Cells in connective tissue
• Different types of cell involved include:
fibroblasts, fat cells, macrophages, leukocytes
and mast cells.
Fibroblasts.
• A fibroblast is a type of biological cell that
synthesizes the extracellular matrix and
collagen, elastic fibres
• matrix of extracellular material produces
structural framework (stroma) for animal
tissues,
• plays a critical role in wound healing.

Fat cells.
• Also known as adipocytes,
• These cells occur singly or in groups in many
types of connective tissue and are especially
abundant in adipose tissue.
• They vary in size and shape according to the
amount of fat they contain.

Macrophages
• Large irregular-shaped cells
• Type of white blood cell, of the immune system
• Digests cellular debris, foreign substances,
microbes, cancer cells, process called
phagocytosis.

• These large phagocytes are found in
essentially all tissues
• They patrol for potential pathogens by
amoeboid movement.
• Various names e.G., Histiocytes, kupffer cells,
alveolar macrophages, microglia, and others,
but all are part of the mononuclear phagocyte
system

Leukocytes.
• Normally found in small numbers in healthy
connective tissue but neutrophils migrate in
significant numbers during infection
• When they play an important part in tissue
defence.
• Plasma cells develop from b-lymphocytes, a
type of white blood cell .
• They synthesise and secrete specific defensive
antibodies into the blood and tissues

Mast cells.
• These are similar to basophil leukocytes.
• They are found in loose connective tissue, under
fibrous capsule of some organs, e.g.
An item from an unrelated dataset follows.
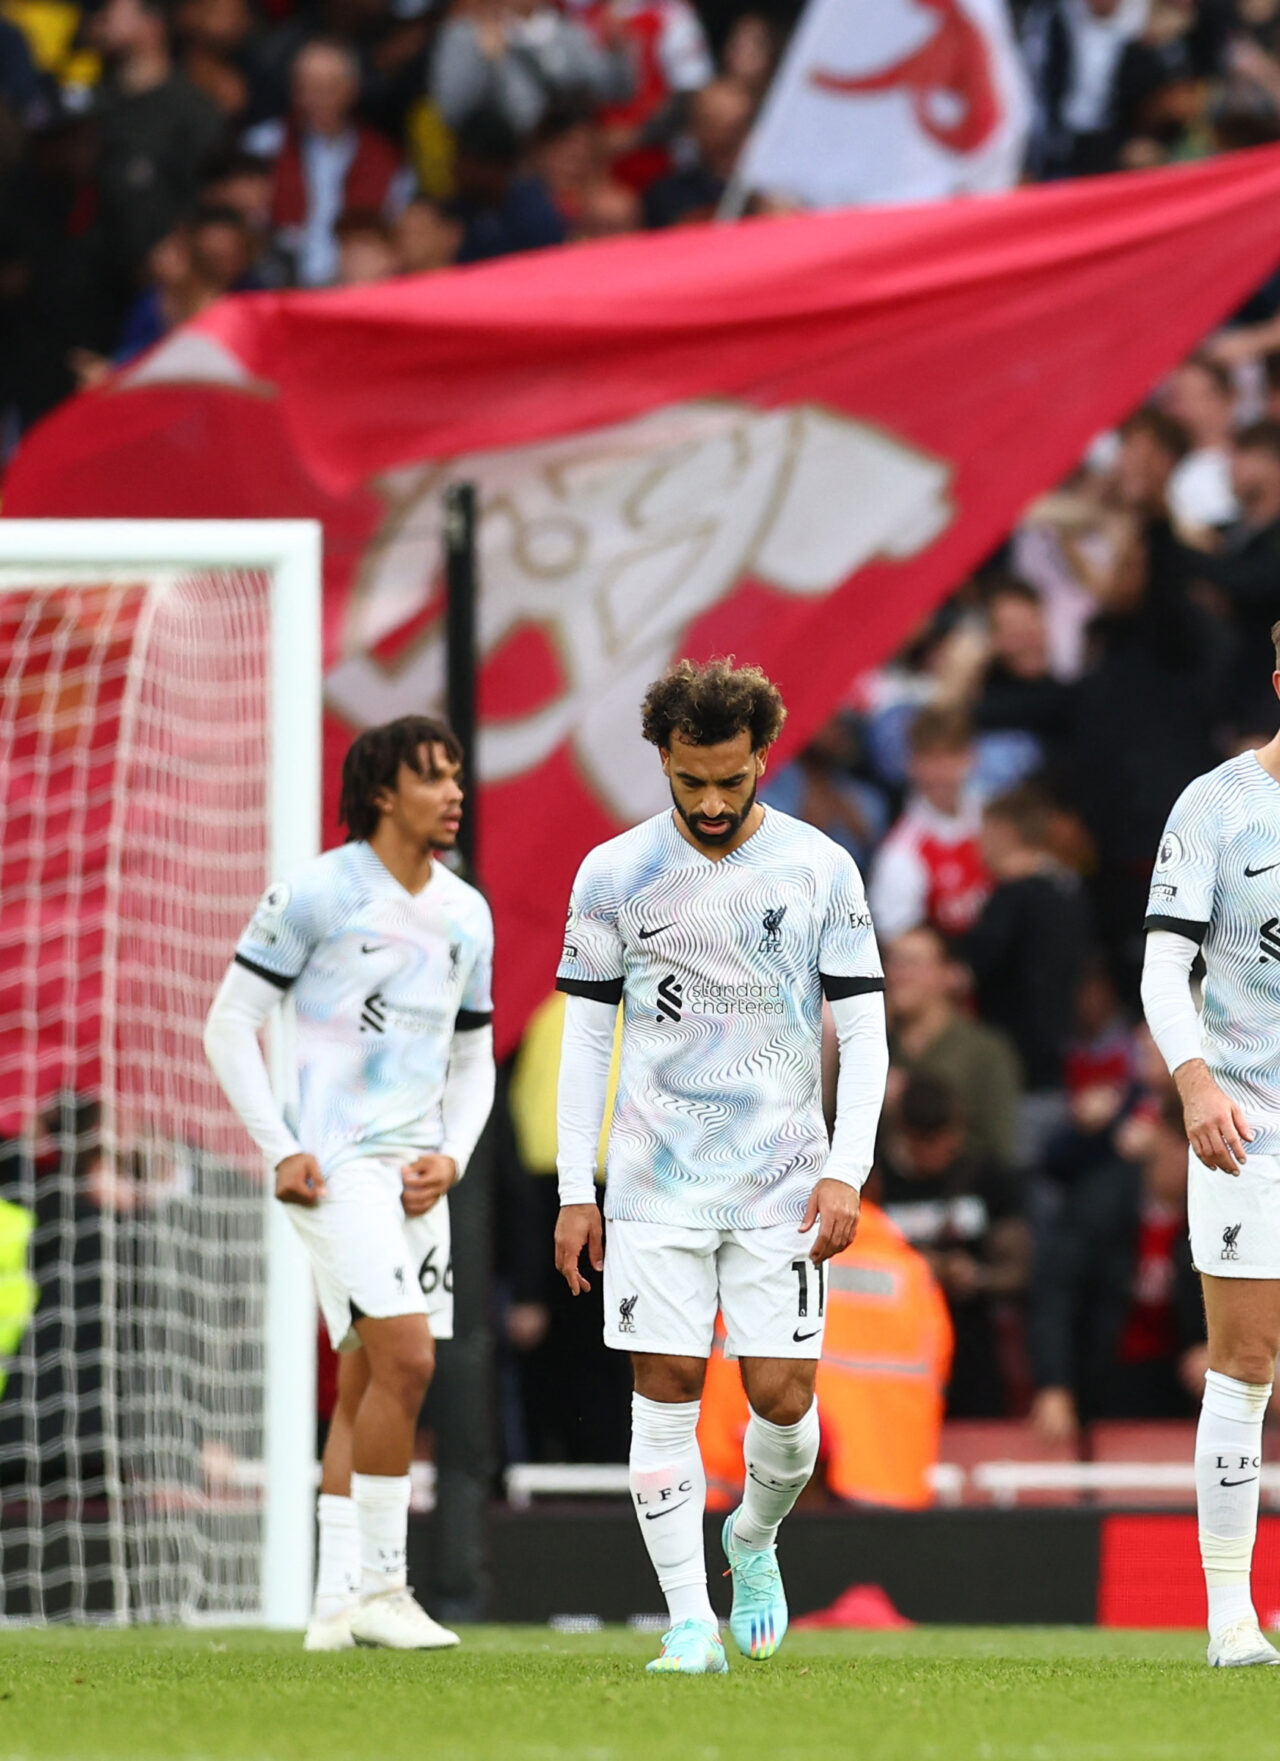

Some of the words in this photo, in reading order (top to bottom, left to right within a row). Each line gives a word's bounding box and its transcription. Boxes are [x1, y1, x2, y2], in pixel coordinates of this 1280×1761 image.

[692, 982, 780, 998] standard
[691, 1000, 784, 1015] chartered
[792, 1261, 824, 1317] 11
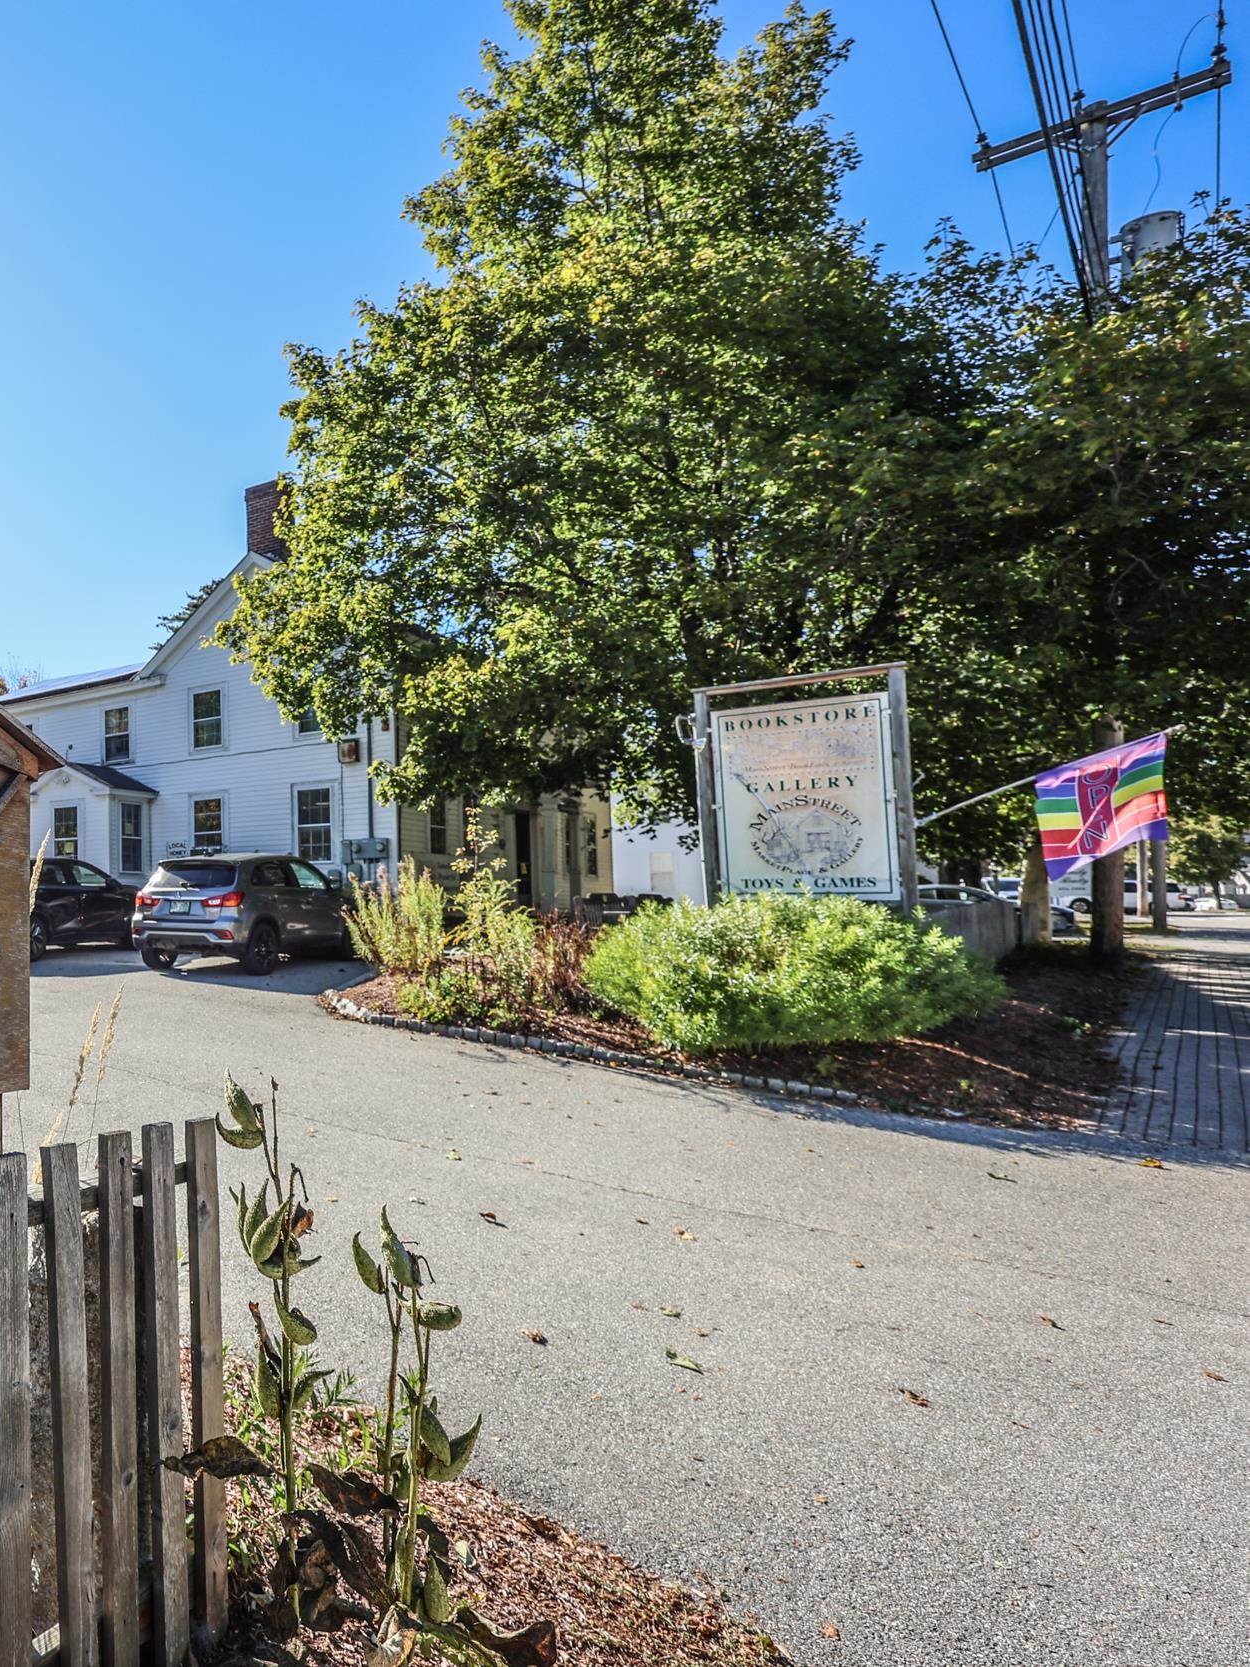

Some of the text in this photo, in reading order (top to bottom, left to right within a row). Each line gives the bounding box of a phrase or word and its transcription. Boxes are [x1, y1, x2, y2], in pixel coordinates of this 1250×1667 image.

Liver and
spleen, blood vessels.
• Their cytoplasm is packed with granules
containing heparin, histamine and other
substances, which are released when cells are
damaged by disease or injury.(Degranulation).

Loose (areolar) connective tissue
• Most generalised of all connective tissue.
• Matrix is described as semisolid with many
fibroblasts and some fat cells, mast cells and
macrophages widely separated by elastic and
collagen fibres.
• It is found in almost every part of the body
providing elasticity and tensile strength.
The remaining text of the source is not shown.